Haïti : éviter les départs illégaux d’enfants

Publié le 20 janvier 2010 | Modifié le 29 décembre 2015

Depuis Haïti, Tamar Hahn, porte-parole de l’Unicef, complète quotidiennement son journal de bord et nous raconte aujourd’hui les mesures prises sur place pour protéger les enfants.

19 janvier 2010. « Aujourd’hui, nous sommes sortis pour essayer d’établir la situation des enfants séparés et isolés qui vont être pris en charge dans des centres provisoires installés par l’Unicef. C’est une tâche qui prend beaucoup de temps alors qu’il faut déjà des heures pour traverser la ville. (…) Dans ces centres, 900 enfants qui se sont retrouvés tous seuls, isolés au milieu de cette urgence seront abrités, nourris et pris en charge.

Le premier endroit où nous sommes allés maintenant que les centres provisoires ont été mis en place est la tente-hôpital. Nous y avions rencontré  Sean et « Baby girl ». J’y suis retournée  avec une chargée de protection de l’enfant de l’Unicef, Nadine Perault, pour amener dans le centre provisoire ces deux enfants ainsi que Sandie, 9 ans, et Medoshe, 6 ans. »

Son premier sourire

« Mais les médecins nous ont prévenu que Sean et Medoshe n’étaient pas prêts à quitter l’hôpital, leurs blessures n’étant pas suffisamment soignées. Ils risquent une infection. Sean et Sandie sont vite devenus amis. Nous avons senti qu’il serait cruel de les séparer et nous avons donc décidé qu’il serait mieux de les emmener tous les deux en même temps au centre.

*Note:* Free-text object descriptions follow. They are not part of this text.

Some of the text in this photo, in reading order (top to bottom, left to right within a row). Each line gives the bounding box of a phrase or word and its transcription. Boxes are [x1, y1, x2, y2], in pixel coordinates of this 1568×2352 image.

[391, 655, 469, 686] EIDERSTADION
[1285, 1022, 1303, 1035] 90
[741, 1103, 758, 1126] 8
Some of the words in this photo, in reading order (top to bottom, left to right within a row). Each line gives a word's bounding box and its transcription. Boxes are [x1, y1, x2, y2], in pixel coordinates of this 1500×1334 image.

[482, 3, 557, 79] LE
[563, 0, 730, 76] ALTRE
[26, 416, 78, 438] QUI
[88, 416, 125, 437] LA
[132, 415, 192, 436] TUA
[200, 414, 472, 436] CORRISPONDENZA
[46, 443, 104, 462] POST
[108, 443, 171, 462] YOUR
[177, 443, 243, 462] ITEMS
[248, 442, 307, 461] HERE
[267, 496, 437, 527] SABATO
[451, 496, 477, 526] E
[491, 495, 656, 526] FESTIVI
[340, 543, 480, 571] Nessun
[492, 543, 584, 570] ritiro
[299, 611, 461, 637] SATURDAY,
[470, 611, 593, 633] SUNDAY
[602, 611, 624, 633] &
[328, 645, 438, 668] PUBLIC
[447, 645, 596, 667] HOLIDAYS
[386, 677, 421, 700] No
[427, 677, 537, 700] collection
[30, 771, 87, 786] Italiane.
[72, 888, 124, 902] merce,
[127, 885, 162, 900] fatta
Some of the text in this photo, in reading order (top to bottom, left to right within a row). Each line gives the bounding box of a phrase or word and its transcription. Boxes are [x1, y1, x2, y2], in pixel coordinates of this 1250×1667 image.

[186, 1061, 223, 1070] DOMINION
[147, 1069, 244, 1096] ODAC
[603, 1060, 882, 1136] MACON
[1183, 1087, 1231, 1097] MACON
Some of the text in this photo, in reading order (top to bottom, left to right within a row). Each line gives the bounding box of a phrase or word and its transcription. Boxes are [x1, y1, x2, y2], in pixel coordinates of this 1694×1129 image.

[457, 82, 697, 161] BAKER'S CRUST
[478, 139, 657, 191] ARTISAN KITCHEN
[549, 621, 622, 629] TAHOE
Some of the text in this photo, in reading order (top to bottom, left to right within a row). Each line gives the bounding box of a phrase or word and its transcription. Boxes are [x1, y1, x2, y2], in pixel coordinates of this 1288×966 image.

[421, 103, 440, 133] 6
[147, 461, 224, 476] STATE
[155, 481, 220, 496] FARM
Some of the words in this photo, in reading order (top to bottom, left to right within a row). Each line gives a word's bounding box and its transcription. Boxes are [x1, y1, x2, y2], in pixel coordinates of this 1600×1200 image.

Une femme dont le fils de 15 ans se reposait près de « Baby girl » est devenue la mère de substitution de la fillette isolée. Elle la nourrit, la berce, la chatouille. « Baby girl » a souri pour la première fois depuis son arrivée.

Jusqu’à ce qu’ils soient tous prêts à quitter l’hôpital, les enfants sont tous ensemble à un bout de la tente. Près de la zone de repos des médecins et des infirmières. Cela permet au personnel médical de garder un œil sur eux en permanence. Plusieurs personnes ont en effet tenté de sortir des enfants du pays ces derniers jours. »

Adoptions illégales

« L’adoption illégale était un sujet de préoccupation ici avant le séisme. Dans le chaos qui a suivi, c’est un sujet encore plus important. Beaucoup d’enfants ont en effet été emmenés hors du pays sans que la procédure légale soit respectée.

Alors que l’adoption peut être à terme une option viable pour des enfants qui ont perdu leurs parents, il est raisonnable de penser que sept jours après le séisme, de nombreuses personnes sont encore en train de chercher leurs enfants ou les enfants de leurs proches. Pour éviter les départs illégaux d’enfants, l’Unicef a déployé deux agents spécialisés pour contrôler les papiers à l’aéroport.»